Produce an exact copy of all the data below, dropping every image.

Saved data entries
= = = = =

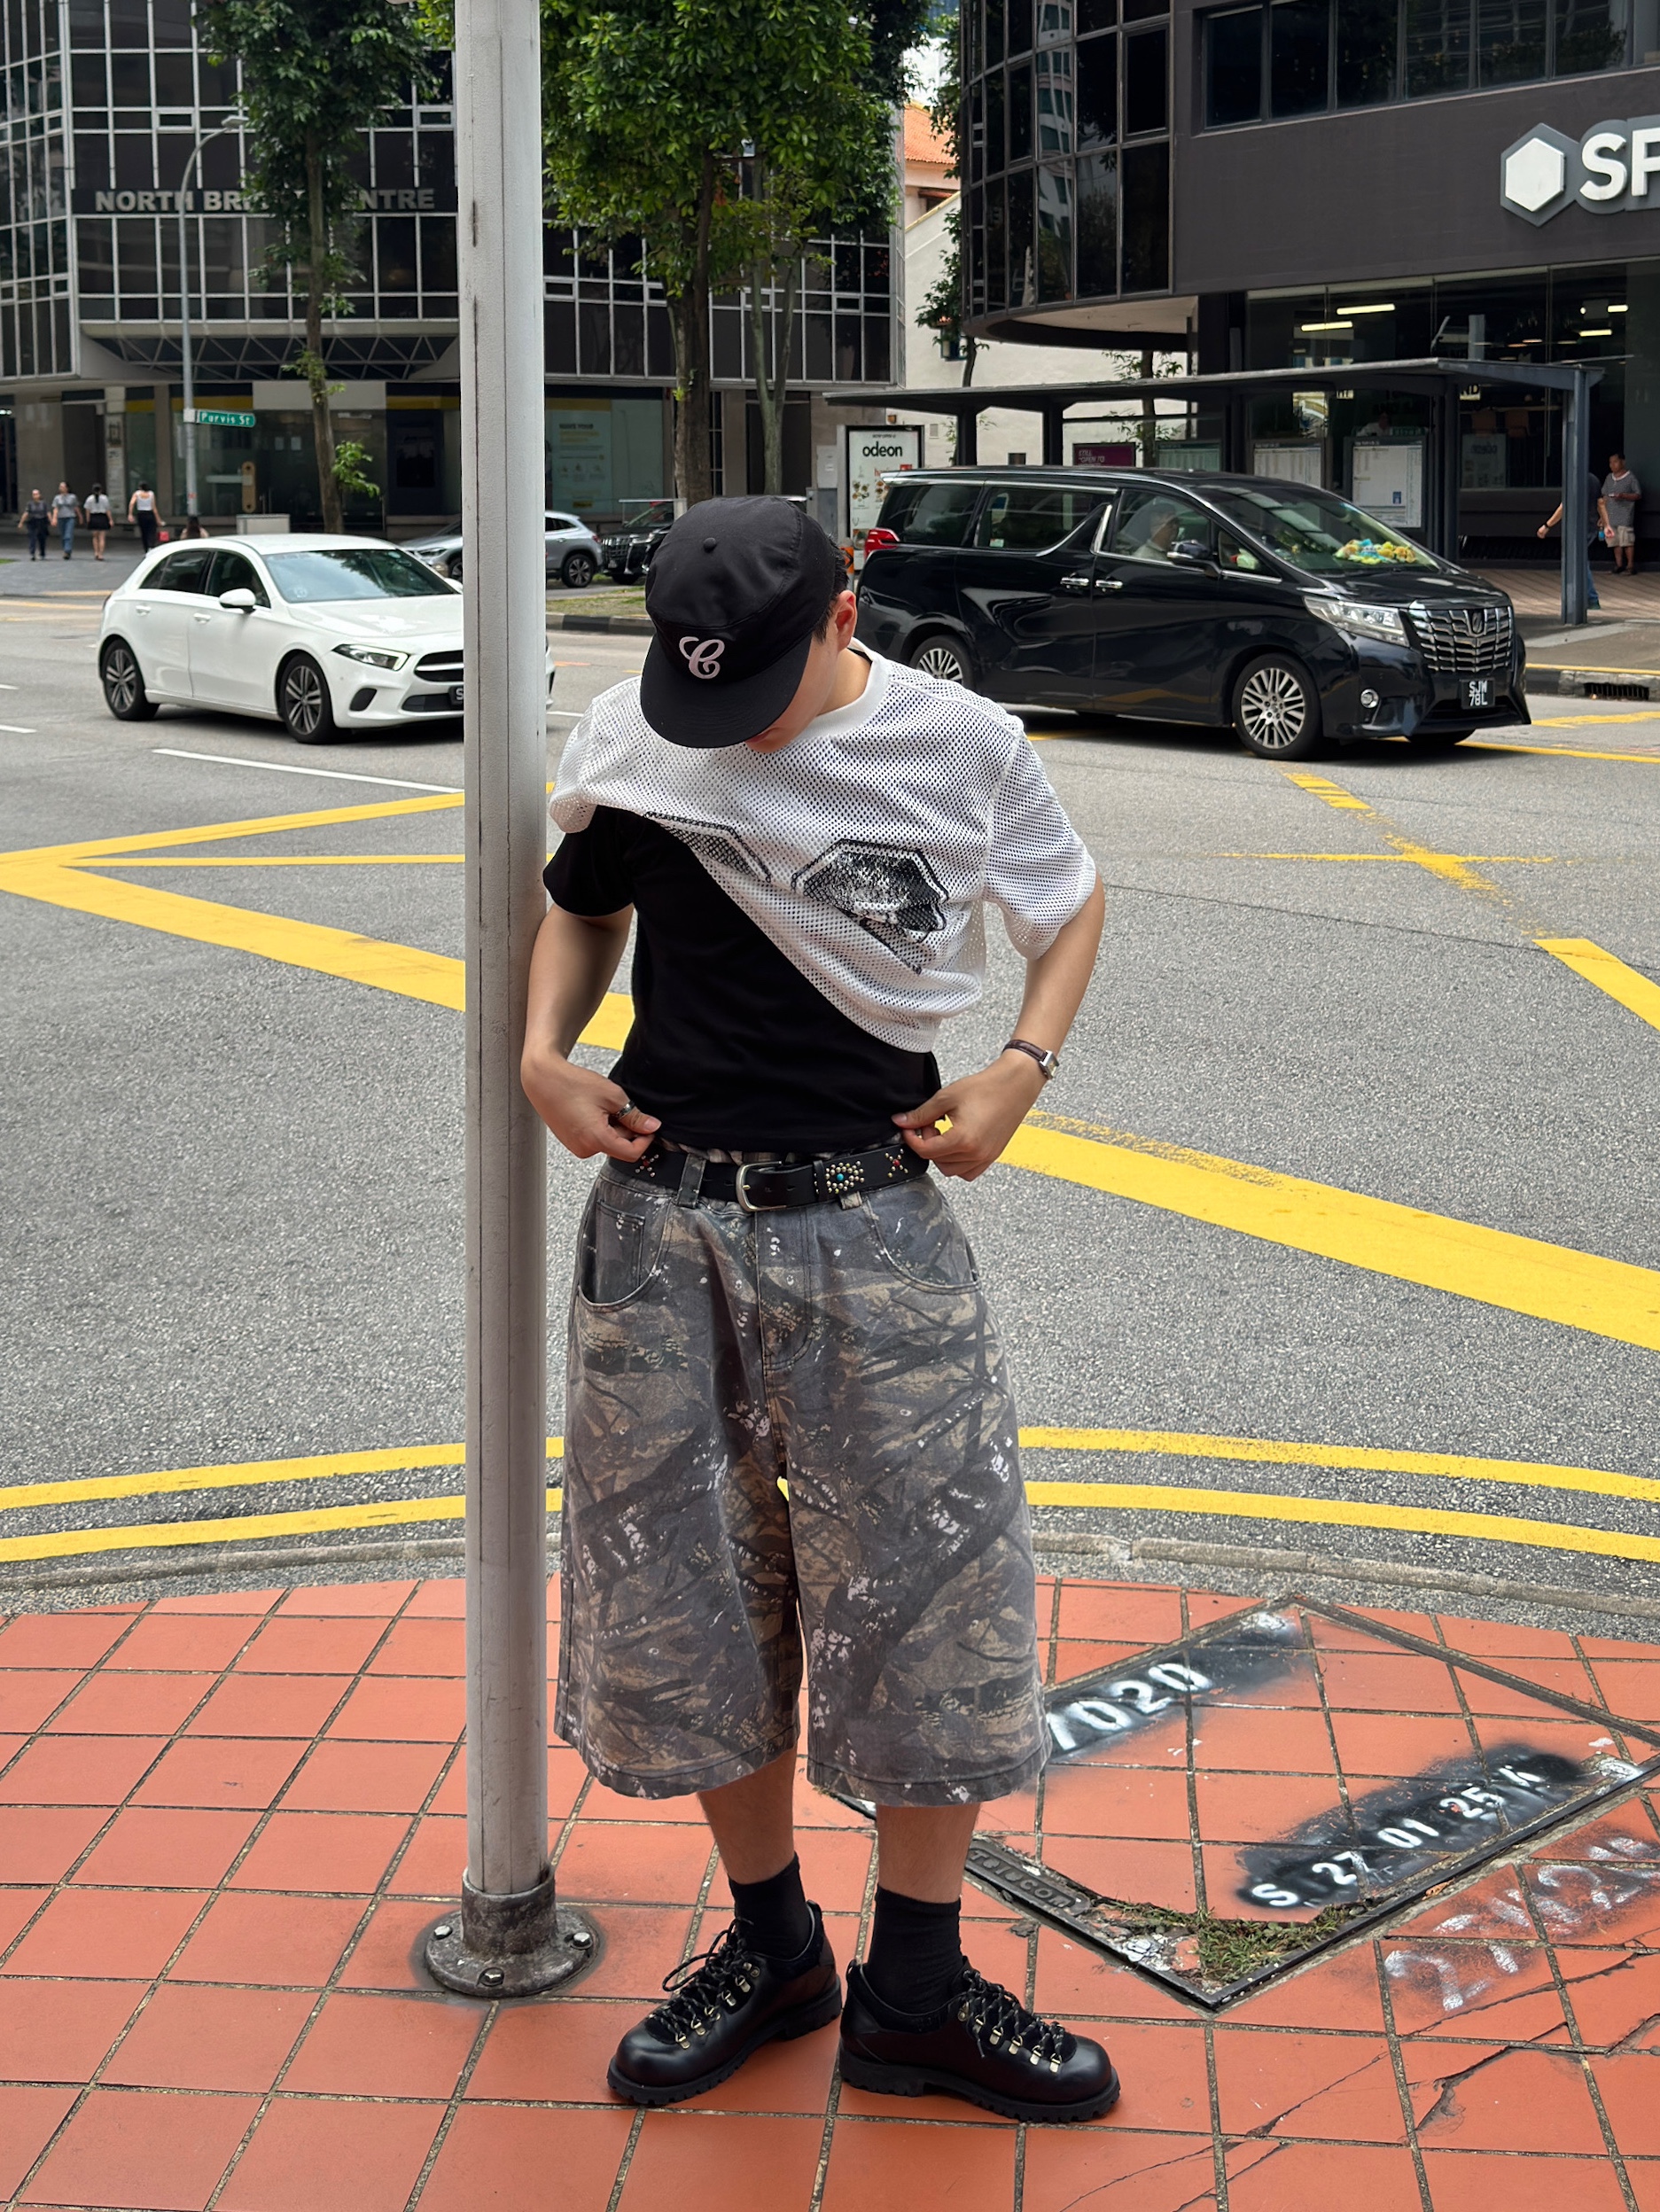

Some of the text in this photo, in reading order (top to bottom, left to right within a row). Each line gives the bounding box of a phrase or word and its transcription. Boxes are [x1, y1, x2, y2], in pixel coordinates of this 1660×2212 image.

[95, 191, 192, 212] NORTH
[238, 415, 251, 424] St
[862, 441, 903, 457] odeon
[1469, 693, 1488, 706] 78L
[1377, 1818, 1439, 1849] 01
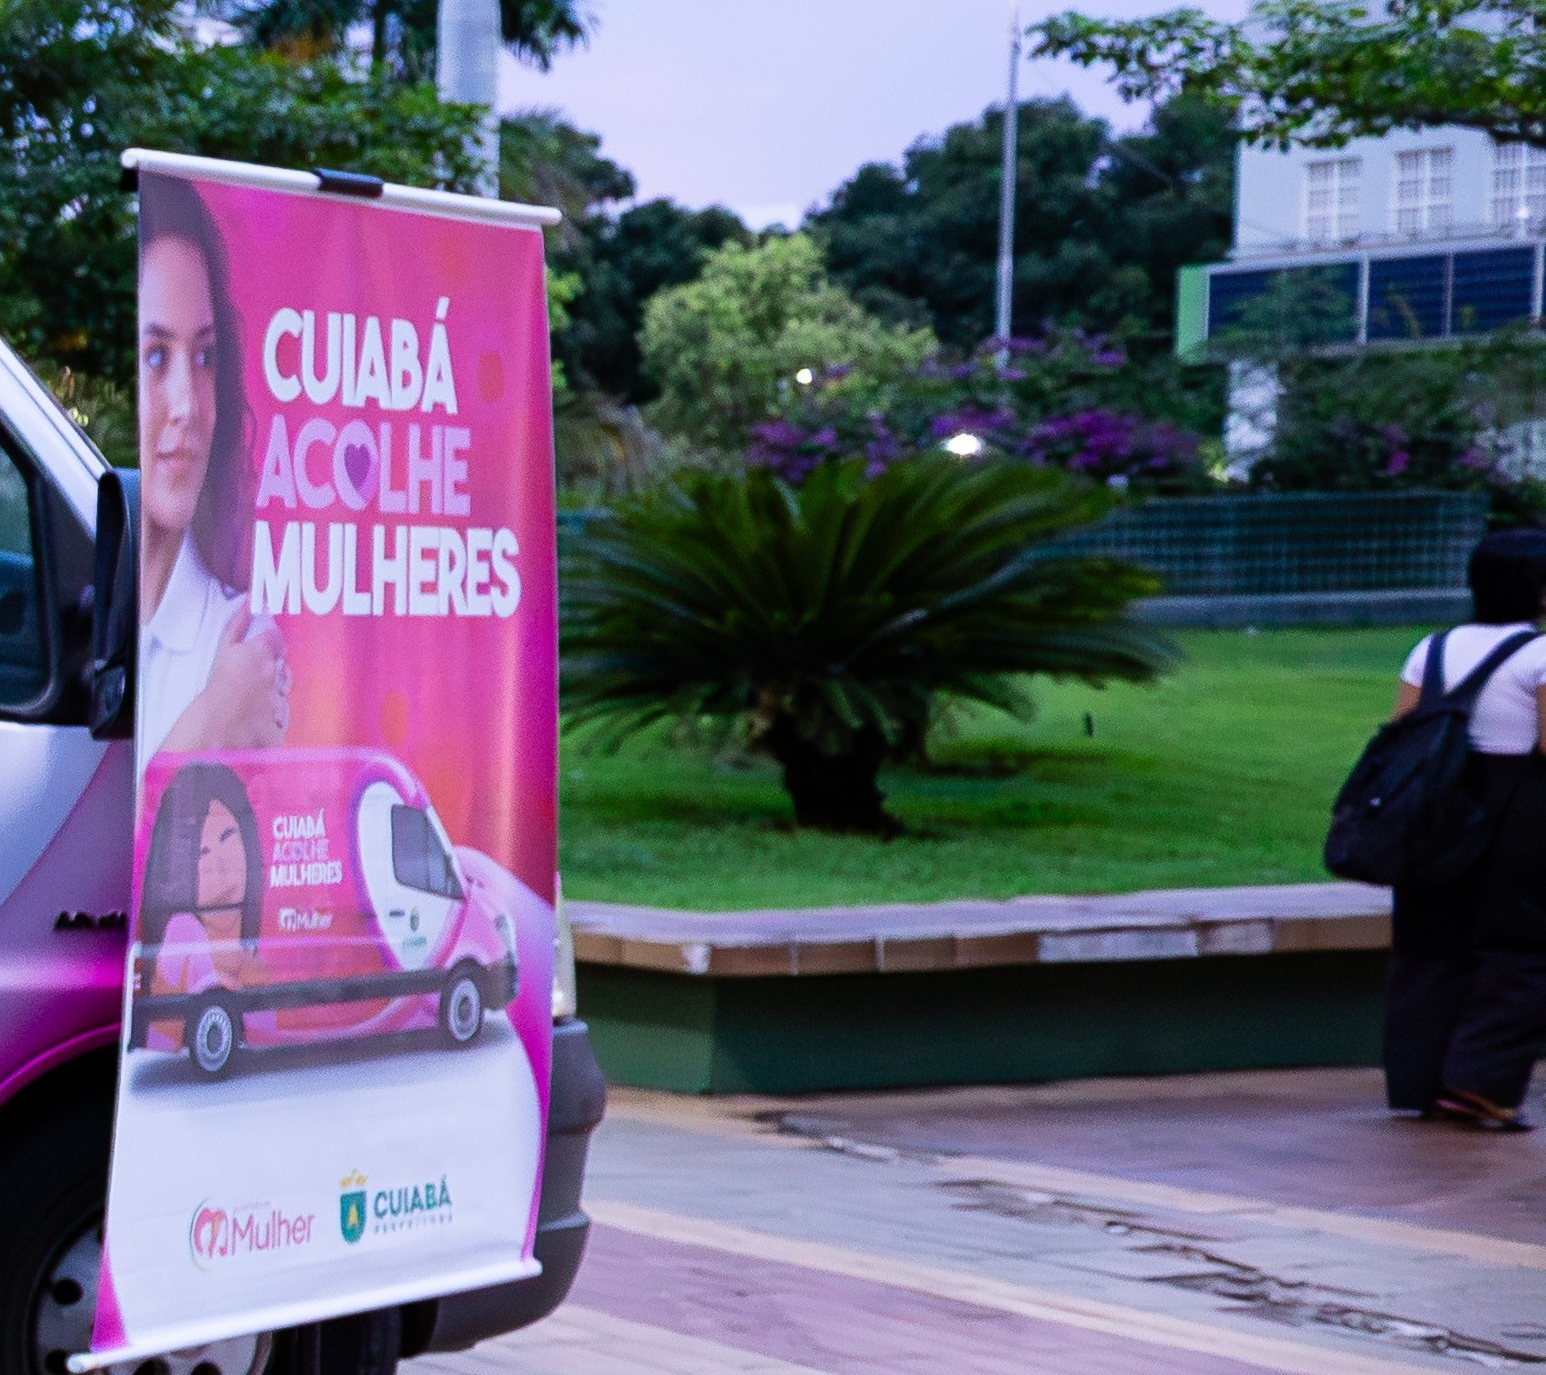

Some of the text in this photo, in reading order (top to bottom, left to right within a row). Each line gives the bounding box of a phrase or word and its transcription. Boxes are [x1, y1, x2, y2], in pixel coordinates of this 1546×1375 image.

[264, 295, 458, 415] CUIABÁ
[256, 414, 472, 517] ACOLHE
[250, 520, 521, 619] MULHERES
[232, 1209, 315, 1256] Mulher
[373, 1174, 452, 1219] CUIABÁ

= = = = =

**Answer box**
Some of the text in this photo, in reading order (top to bottom, left to right within a row). Each line gives the bounding box of a phrase or word and its transcription. Boxes are [x1, y1, x2, y2], in pixel coordinates of this 1660×2212 image.

[95, 191, 192, 212] NORTH
[238, 415, 251, 424] St
[862, 441, 903, 457] odeon
[1469, 693, 1488, 706] 78L
[1377, 1818, 1439, 1849] 01

Some of the text in this photo, in reading order (top to bottom, left to right within a row). Each line gives the bounding box of a phrase or word and its transcription. Boxes are [x1, y1, x2, y2], in pixel coordinates of this 1546×1375 image.

[264, 295, 458, 415] CUIABÁ
[256, 414, 472, 517] ACOLHE
[250, 520, 521, 619] MULHERES
[232, 1209, 315, 1256] Mulher
[373, 1174, 452, 1219] CUIABÁ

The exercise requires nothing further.